- [Task to complete]: The whole listing is to be restated word for word with no images.

▽

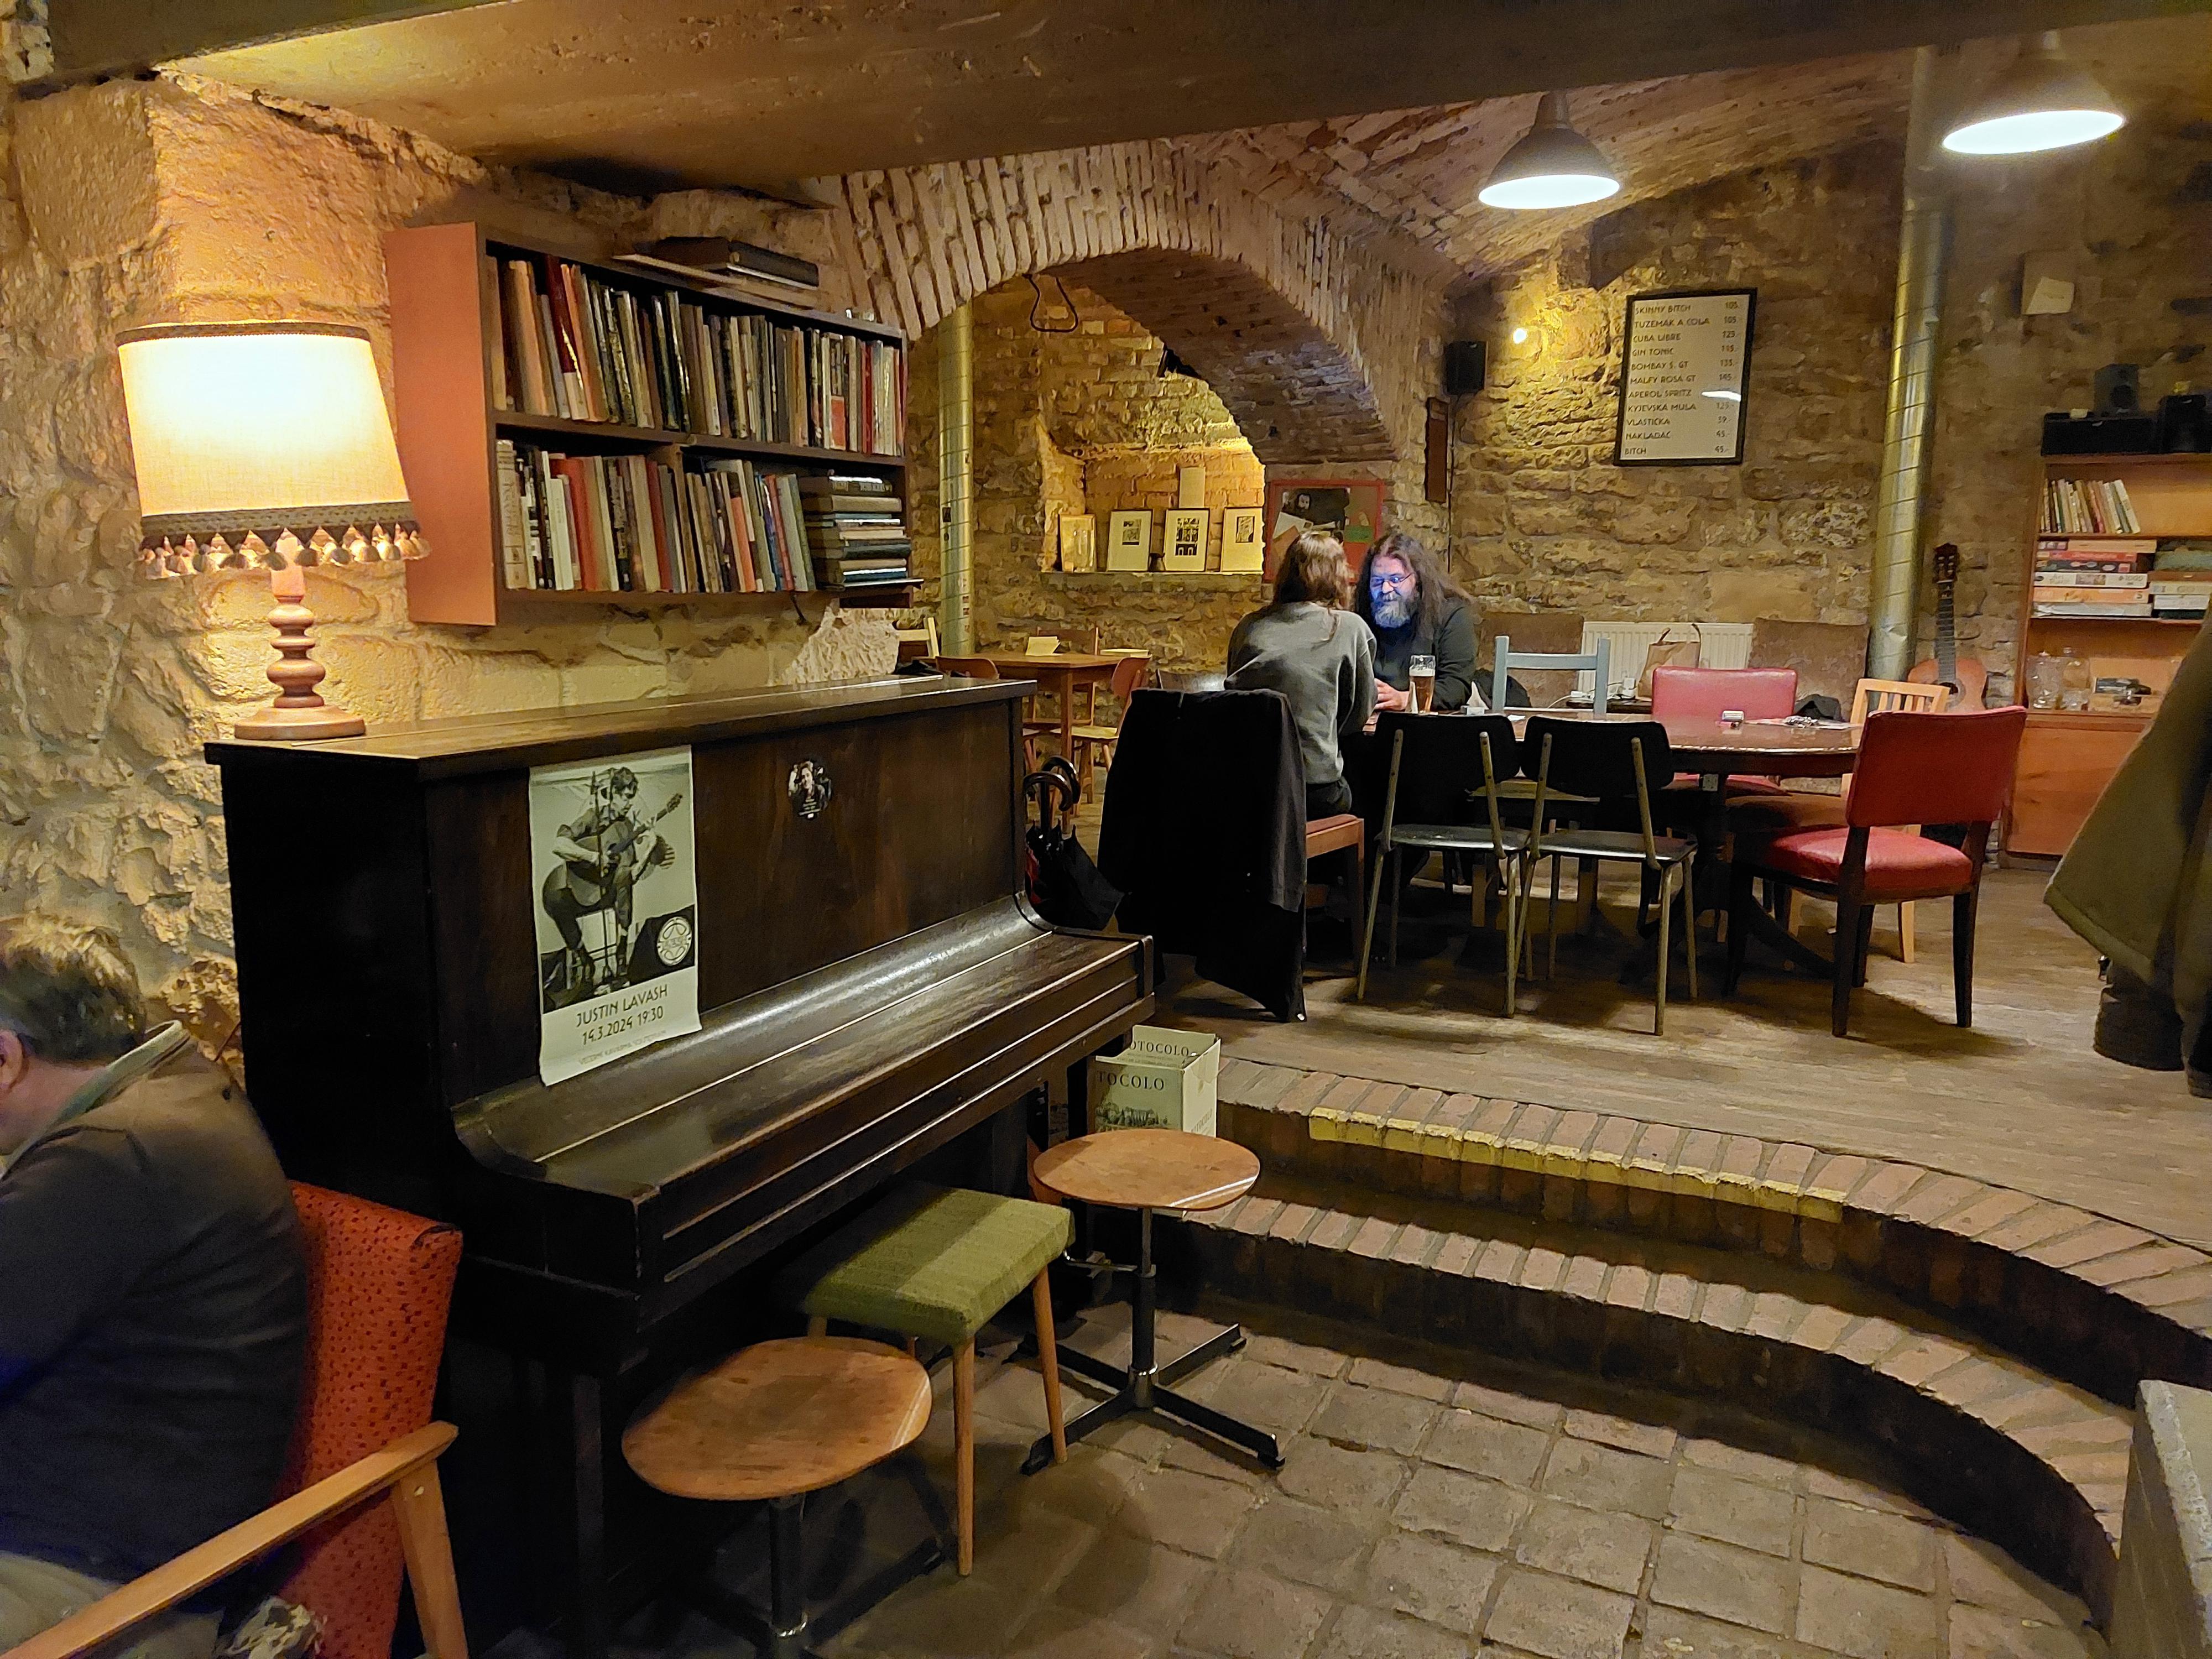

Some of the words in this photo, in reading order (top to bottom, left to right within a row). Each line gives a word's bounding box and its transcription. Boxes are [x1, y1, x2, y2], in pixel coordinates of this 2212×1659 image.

[1635, 305, 1666, 315] SKINNY
[1668, 305, 1691, 313] BITCH
[1657, 333, 1681, 341] LIBRE
[1631, 362, 1667, 371] BOMBAY
[1630, 376, 1658, 384] MALFY
[1628, 390, 1662, 398] APEROL
[576, 1001, 618, 1027] JUSTIN
[623, 984, 668, 1011] LAVASH

△

- [Solution]:
Some of the words in this photo, in reading order (top to bottom, left to right within a row). Each line gives a word's bounding box and its transcription. Boxes are [x1, y1, x2, y2], in pixel coordinates of this 2212×1659 image.

[1635, 305, 1666, 315] SKINNY
[1668, 305, 1691, 313] BITCH
[1657, 333, 1681, 341] LIBRE
[1631, 362, 1667, 371] BOMBAY
[1630, 376, 1658, 384] MALFY
[1628, 390, 1662, 398] APEROL
[576, 1001, 618, 1027] JUSTIN
[623, 984, 668, 1011] LAVASH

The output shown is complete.